Наконец колонна сдвинулась с места, приобретая прежнюю собранность. Снова становилось просторнее. Сергей и Борис поравнялись со зданием посольства, на котором пестрели в полутьме гневные надписи. Не задерживаясь, они прошли мимо и вскоре отделились от демонстрантов.
В троллейбусе оба молчали. Обдумывая свое укрепившееся после демонстрации решение, Сергей на минуту вообразил отъезд из Москвы, и им неожиданно овладел холодный, никогда раньше не испытываемый страх. «Кому же я оставлю свои рукописи? — горячо размышлял он. — У меня ведь никого, кроме матери, для этого нет. Но она в случае чего не отдаст их никому, никого ни о чем не попросит. Вдобавок малограмотна… А Наташа все молчит. Как-то она сейчас живет?»

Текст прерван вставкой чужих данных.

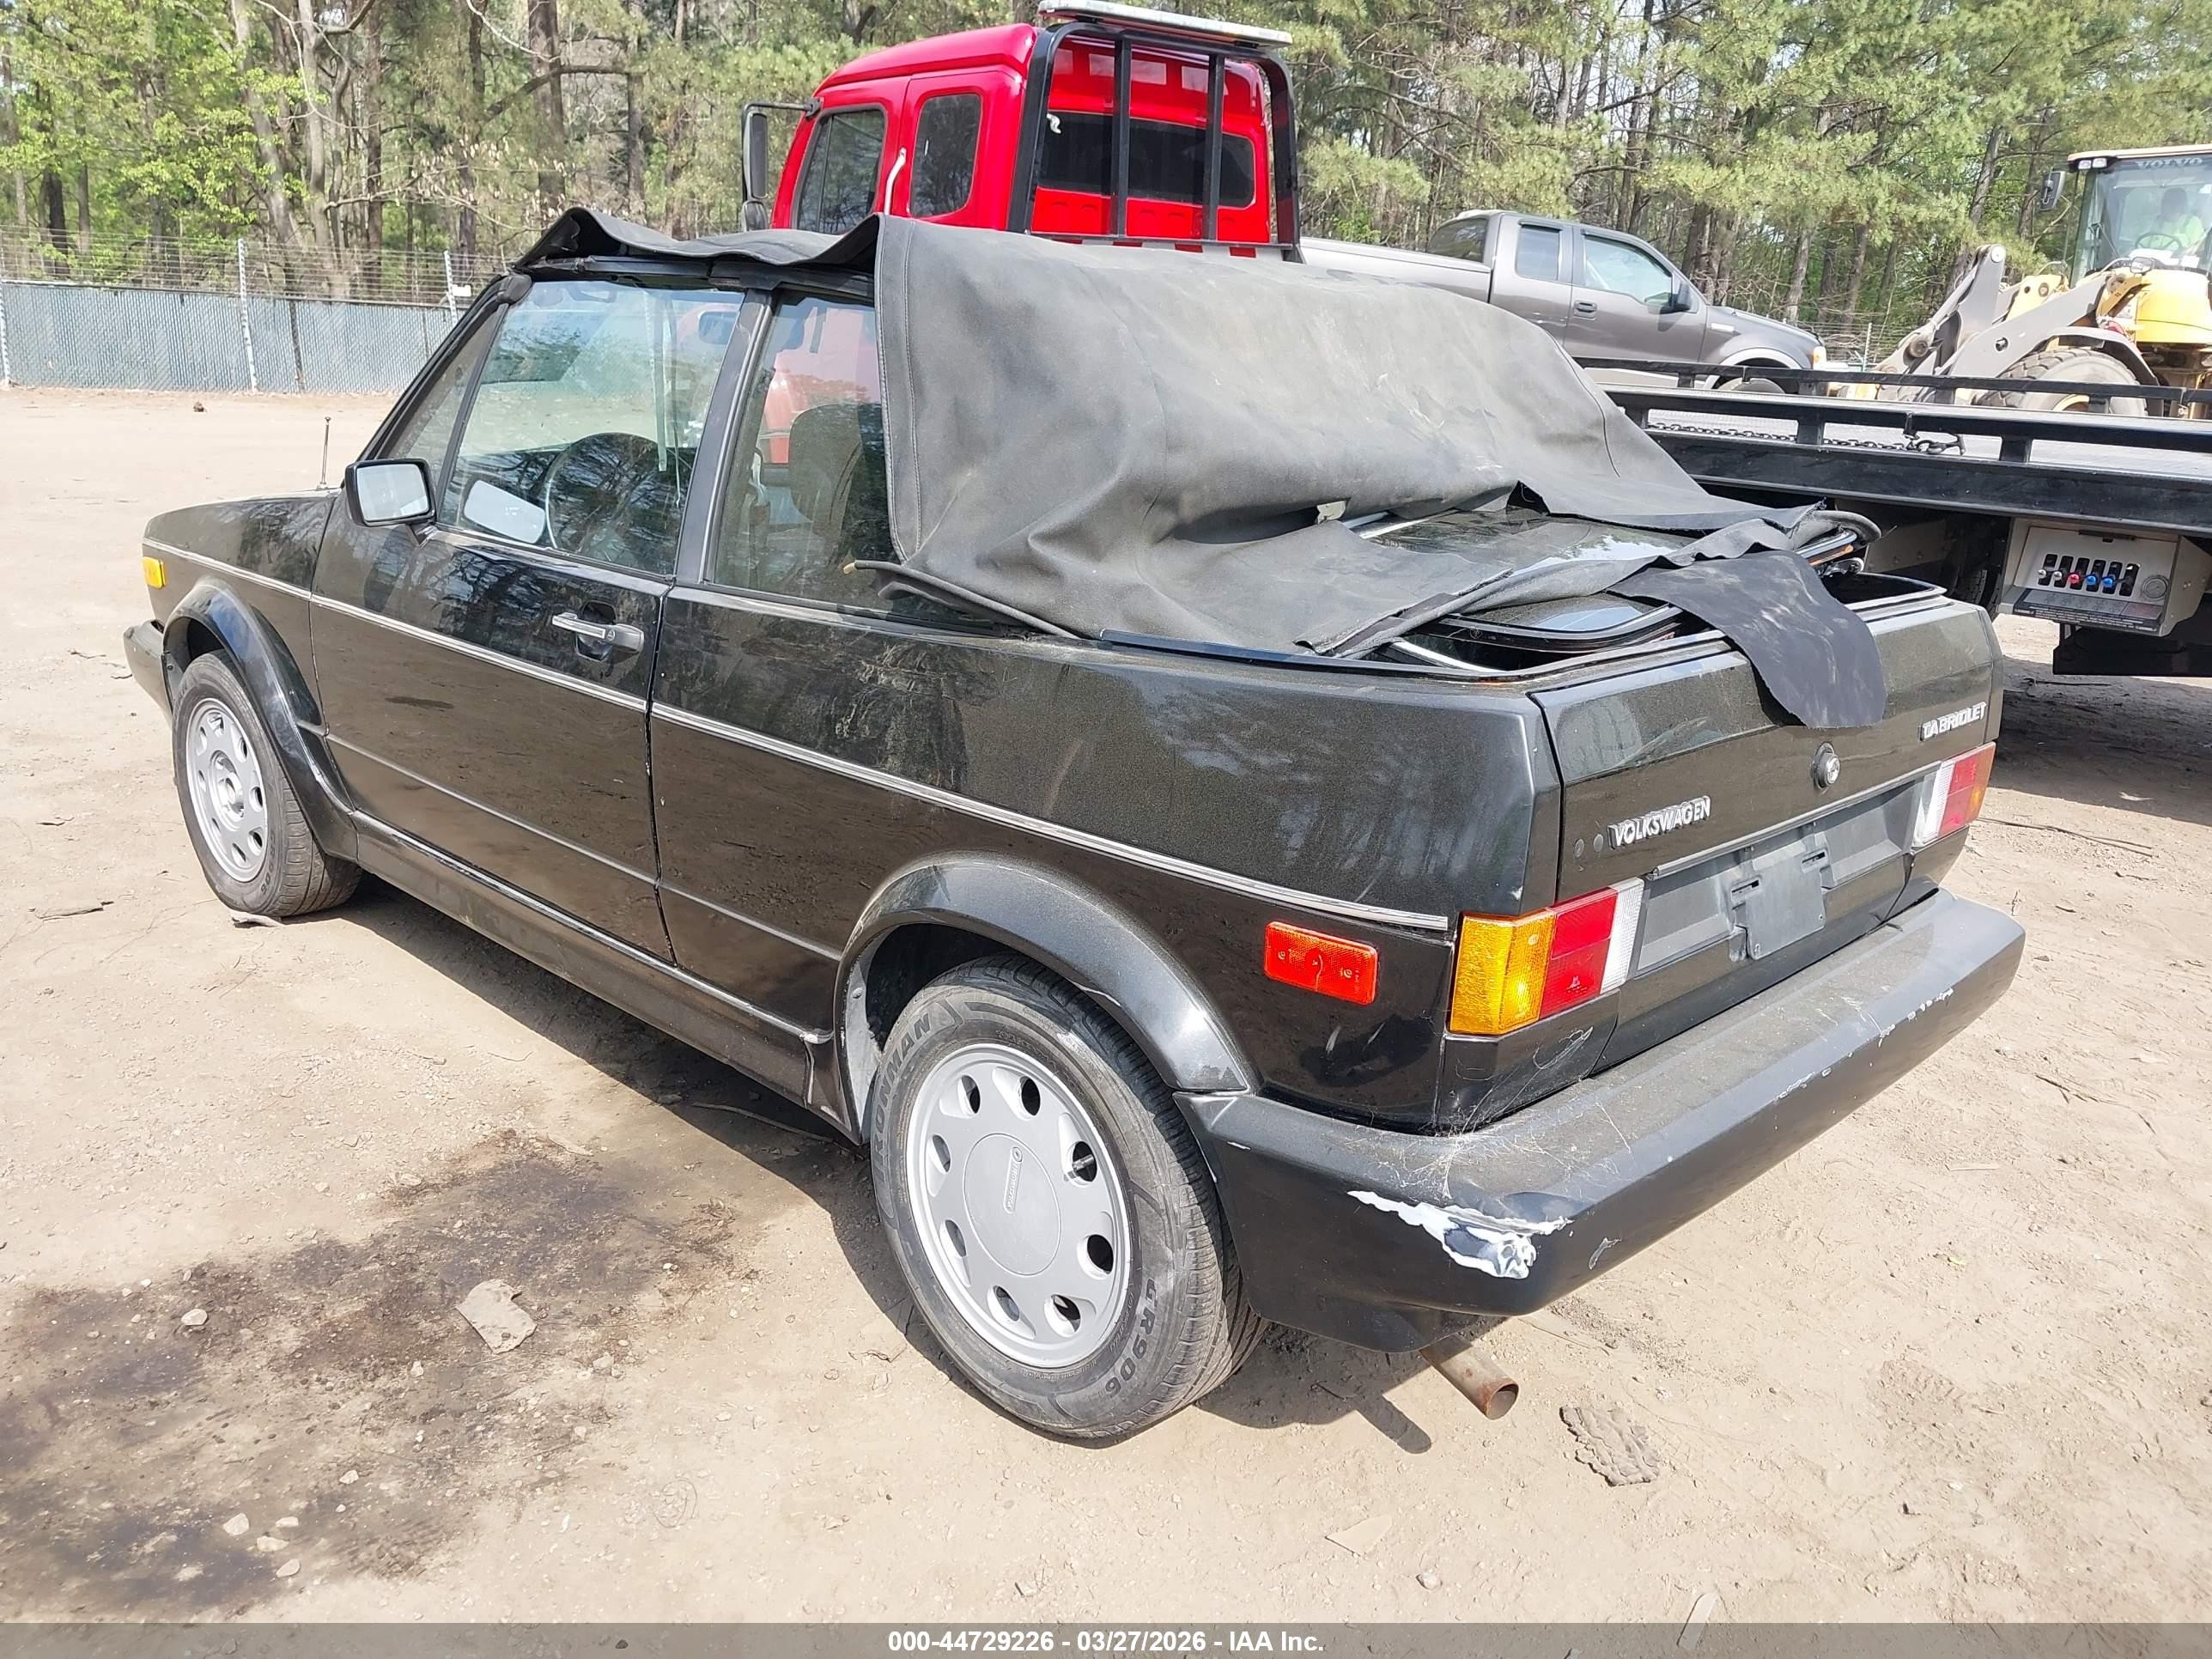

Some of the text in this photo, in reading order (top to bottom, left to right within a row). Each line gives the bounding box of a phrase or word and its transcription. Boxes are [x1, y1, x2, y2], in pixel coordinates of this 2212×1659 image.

Вдруг он положил руку на плечо Бориса и тихо, извиняющимся голосом проговорил:
— Знаешь, старик, езжай ты, наверно, без меня домой.
— Это почему же? — неохотно оторвавшись от своих размышлений, спросил Борис. И тут же поторопился с другим вопросом: — Нет, ты лучше скажи, о чем ты сейчас думал?
— О рукописях.
— Тогда не стоит объяснять. Поезжай.
— Спасибо, дружище.
— Ну что ты, — смутился Борис. — Когда вернешься? Может, зайду еще к тебе.
— Не знаю.
Они расстались возле Киевского на привокзальной площади. Сергей пересек площадь и в самом углу ее сел в полупустой двадцать третий автобус…
Когда Олишев узнал, с чем пришел к нему Сергей, он так разволновался, что тут же предложил прогулку вдоль склонов Ленинских гор.
— В кабинете об этом трудновато говорить, Сергей Федорович, — он впервые назвал Сергея по отчеству…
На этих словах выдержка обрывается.